The University of Houston will host the T.T. Chao Symposium on Innovation Thursday, April 27, bringing together leaders in technical, entrepreneurial and policy arenas to consider how the city can build on its traditional strengths – including its entrepreneurial spirit – to prepare for the 21st century.

The discussion will go beyond energy and space to include biomedicine and materials.

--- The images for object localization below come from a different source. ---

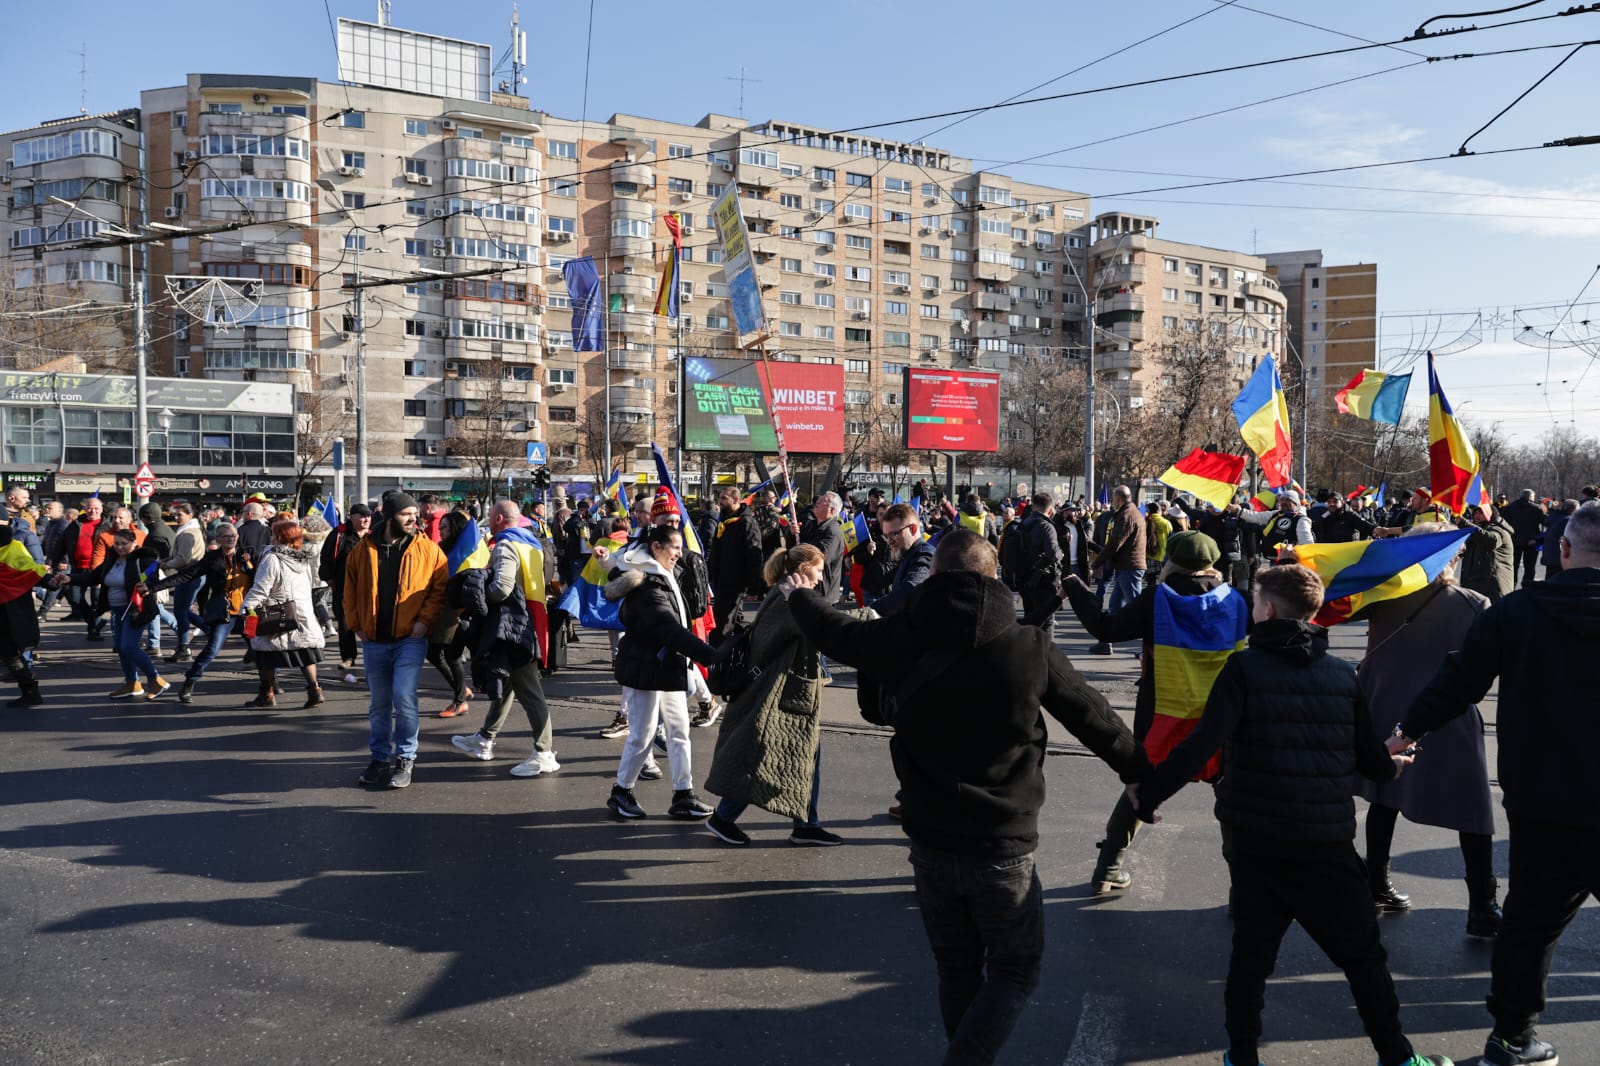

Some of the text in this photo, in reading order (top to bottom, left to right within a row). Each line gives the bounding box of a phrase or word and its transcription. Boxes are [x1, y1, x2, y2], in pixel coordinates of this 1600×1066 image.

[696, 391, 726, 401] CASH
[773, 388, 837, 406] WINBET
[698, 400, 727, 413] OUT
[731, 395, 760, 408] OUT
[785, 422, 825, 431] winbet.ro
[8, 474, 48, 482] FRENZY
[852, 474, 909, 484] MEGA IMGE

“We want to demonstrate the ways that new technologies, as simple as a smartphone and as forward-looking as augmented reality, are changing the ways in which we imagine and practice medicine,” said Jody Roberts, director of the Institute for Research at the Chemical Heritage Foundation, which is sponsoring the symposium. “By connecting bodies across great distances – whether as a remote diagnostic tool for cancer screening or helping earth-based researchers work more fluidly with astronauts in space – these tools are doing more than creating and capturing images. They are changing how we imagine healthy bodies, and how we can participate in their care.”

Speakers will include:

  • Ioannis Kakadiaris, UH professor of computer science, electrical & computer engineering, and biomedical engineering
  • Petra Wilder-Smith, director of dentistry at the Beckman Laser Institute, University of California-Irvine
  • Baraquiel Reyna, deputy manager, Exploration Medical Capability, NASA Johnson Space Center
  • William Buras, director Life Sciences Research & Development, Tietronix Software
  • Dorit Donoviel, director, Biomedical Innovation Lab, Center for Space Medicine, Baylor College of Medicine

  

WHAT:                               T.T. Chao Symposium on Innovation, focused on how the innovative spirit of Houston’s

                                            industrial and entrepreneurial past can address society’s needs in the 21st century.

 WHEN:                               1:30-4:30 p.m. Thursday, April 27.

 WHERE:                             Bert F. Winston Band and Performance Complex, 3780 Cullen Blvd.